(Annotated photo localization data)
= Beginning of Section =

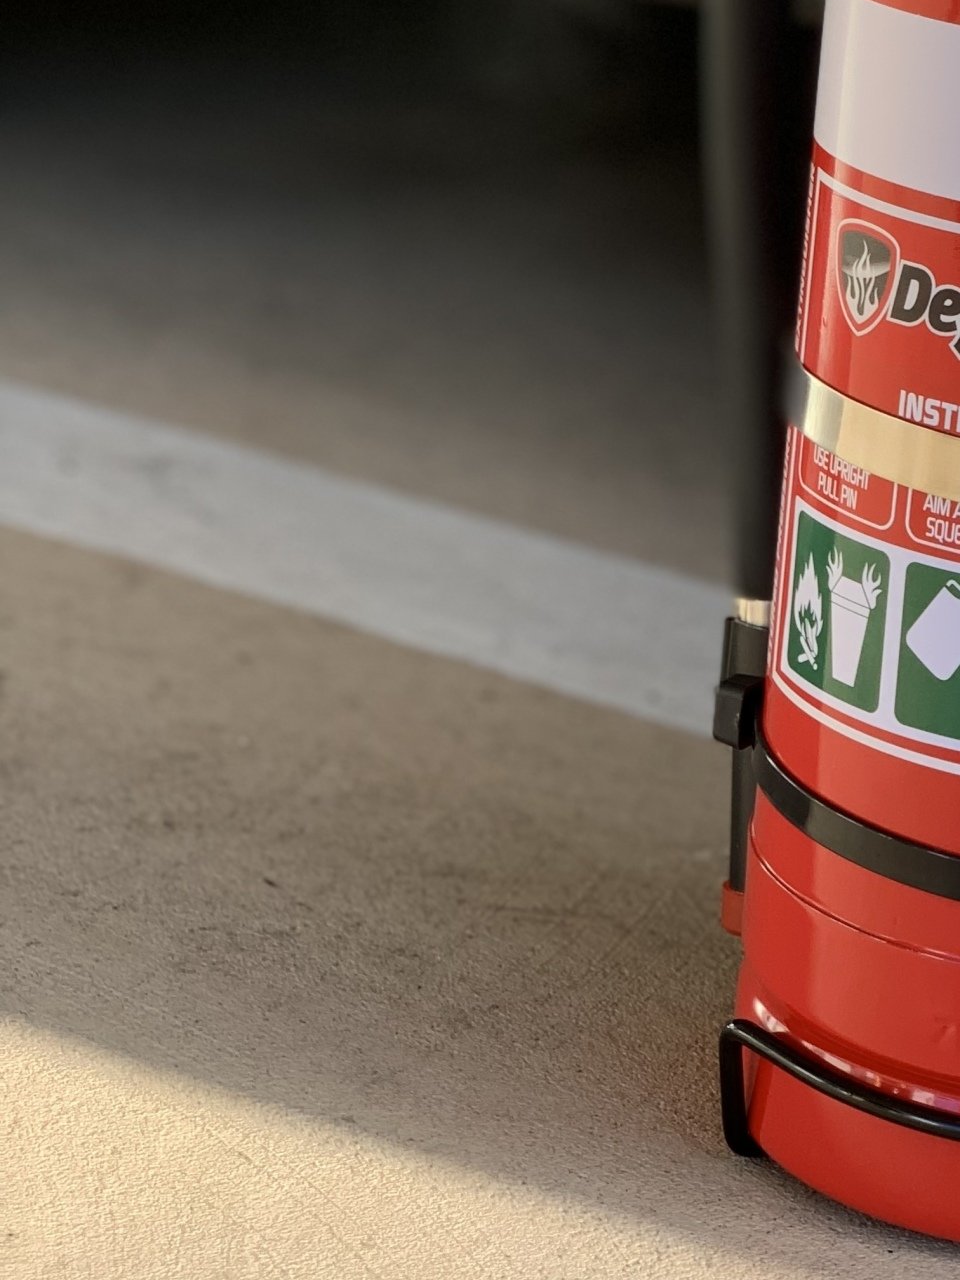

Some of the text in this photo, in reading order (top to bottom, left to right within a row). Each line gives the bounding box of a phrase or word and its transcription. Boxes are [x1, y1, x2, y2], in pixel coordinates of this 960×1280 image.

[818, 471, 858, 510] PULL PIN
[829, 453, 871, 491] UPRIGHT
[923, 494, 951, 516] AIM
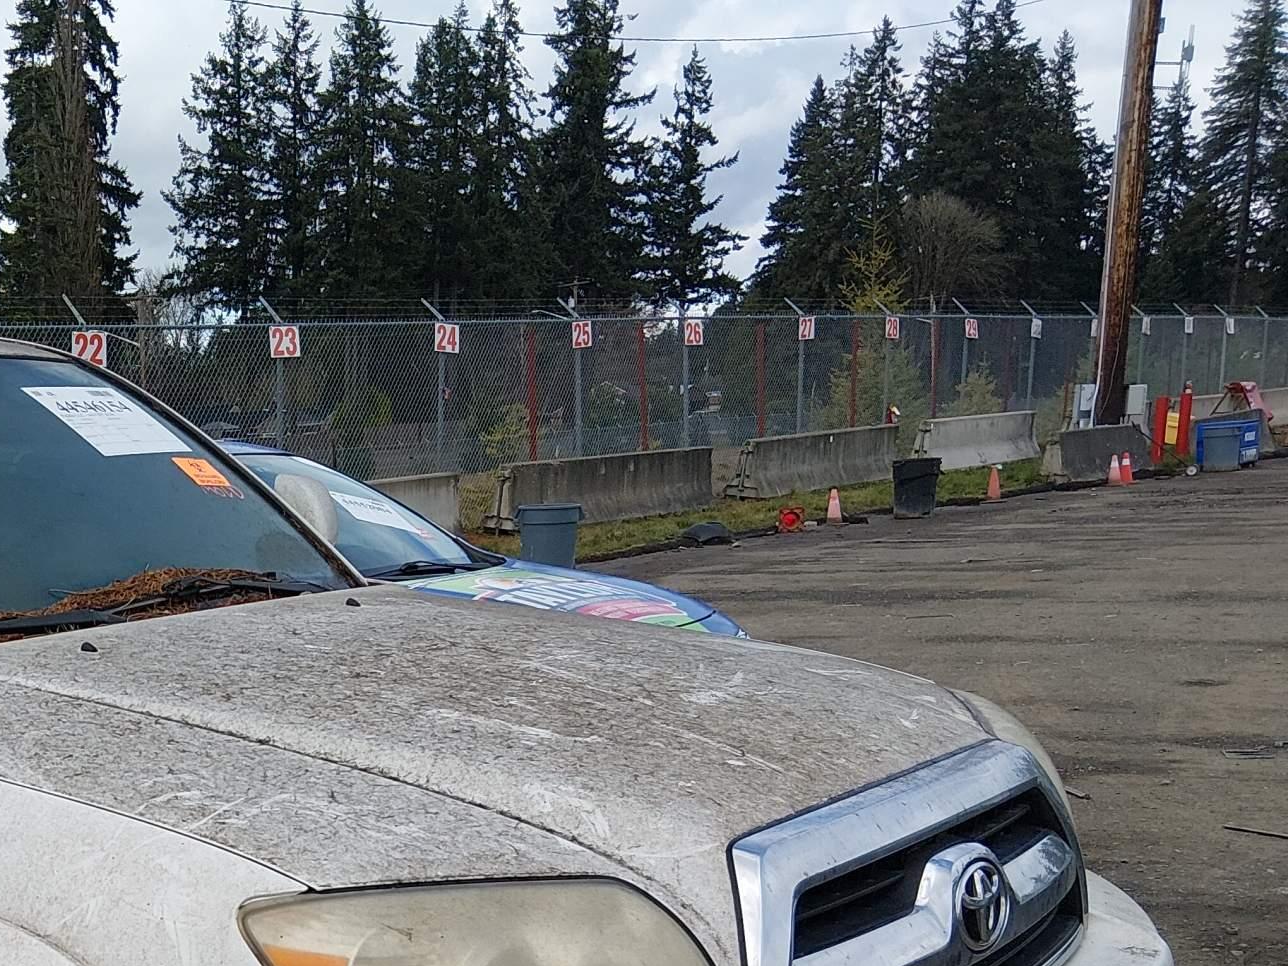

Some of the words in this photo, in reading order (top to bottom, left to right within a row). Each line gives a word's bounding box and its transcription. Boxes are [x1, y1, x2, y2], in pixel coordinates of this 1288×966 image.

[436, 324, 457, 351] 24
[573, 322, 591, 347] 25
[685, 322, 702, 344] 26
[800, 318, 813, 338] 27
[886, 318, 899, 338] 28
[965, 319, 978, 338] 29
[74, 333, 104, 366] 22
[271, 327, 298, 357] 23
[55, 400, 133, 413] 44546154

= End of Section =

Action item:
The line containing "Some of the words" marks the start; retype it and each line after it through the end of the records above, exactly.

Response below:
Some of the words in this photo, in reading order (top to bottom, left to right within a row). Each line gives a word's bounding box and its transcription. Boxes are [x1, y1, x2, y2], in pixel coordinates of this 1288×966 image.

[436, 324, 457, 351] 24
[573, 322, 591, 347] 25
[685, 322, 702, 344] 26
[800, 318, 813, 338] 27
[886, 318, 899, 338] 28
[965, 319, 978, 338] 29
[74, 333, 104, 366] 22
[271, 327, 298, 357] 23
[55, 400, 133, 413] 44546154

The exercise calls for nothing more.